Nowadays, the round belly is no more considered a good trait.
People are looking to have either a zero figure or a trunk region full of six pack abs. The six pack is a symbol of high degrees of fitness and provides a great look for someone having high measures of biceps, triceps and lattices. The workout done for the abs and especially the lower abdominal exercises are really tough, It requires a high amount of effort and special diet- you need to avoid fat containing fat as much as possible and keep all the junk food miles away.
Here are a few effective lower abdominal exercises for men and remember, these exercises should be done in a systematic manner.
To start with, we will talk about bicycle crunches. This is a very good lower abdominal exercise for men. To perform this, you rest on the floor with the face towards the ceiling. The legs are bent and head is lifted and held by the arms. Then, the right leg is brought closer and the left elbow is pushed forward to make contact with it while the other leg is straightened out. The same is done for the left leg, this time the right elbow coming near. This process is repeated till you lose your breath.
Twist and crunch:
Next we come to one of the best abs exercises. Lying down, one has to bend his leg. Then the hip has to be twisted a bit and using the abs the right part of the body is lifted and the right elbow is turned. In the nest turn, the left elbow is also made to do the same. This is repeated a few times. This results in very good lower abdomen development.

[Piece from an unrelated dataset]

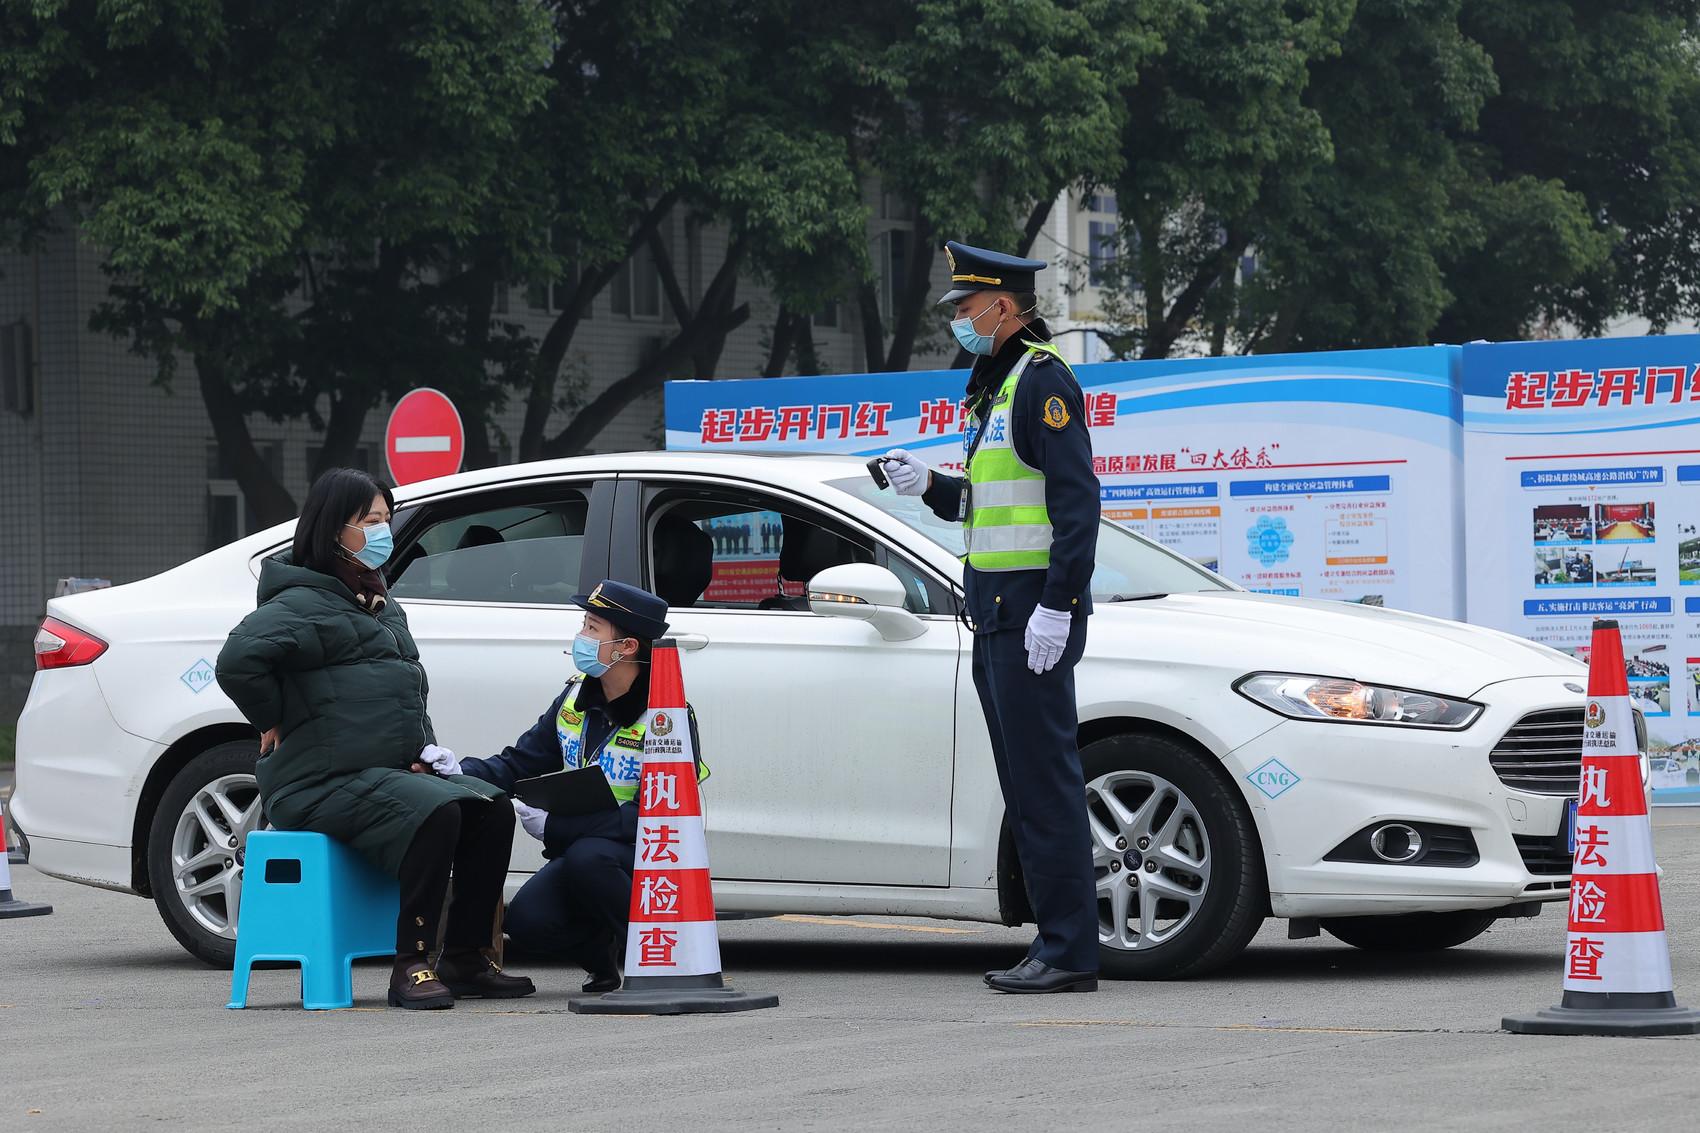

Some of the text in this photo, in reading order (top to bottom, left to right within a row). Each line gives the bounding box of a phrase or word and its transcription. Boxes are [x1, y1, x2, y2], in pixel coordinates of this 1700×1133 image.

Double leg reverse crunch:
For this, rest on your back and make the body parallel to the ground. Then, the legs are raised and the knee is bent. The hands are kept below the hip. Then the heels slowly lowered to just a few inches above the ground and held in this position for some time. Again, the legs are raised back to its initial position. Again the same thing is repeated. This helps in the development of the lower region of the abdomen.
The declined sit-ups:
The declined sit ups also help develop the lower region of the abs. It is just like normal sit up, but the raising of the leg is a bit declined. This helps in putting the effect onto the lower part of the belly.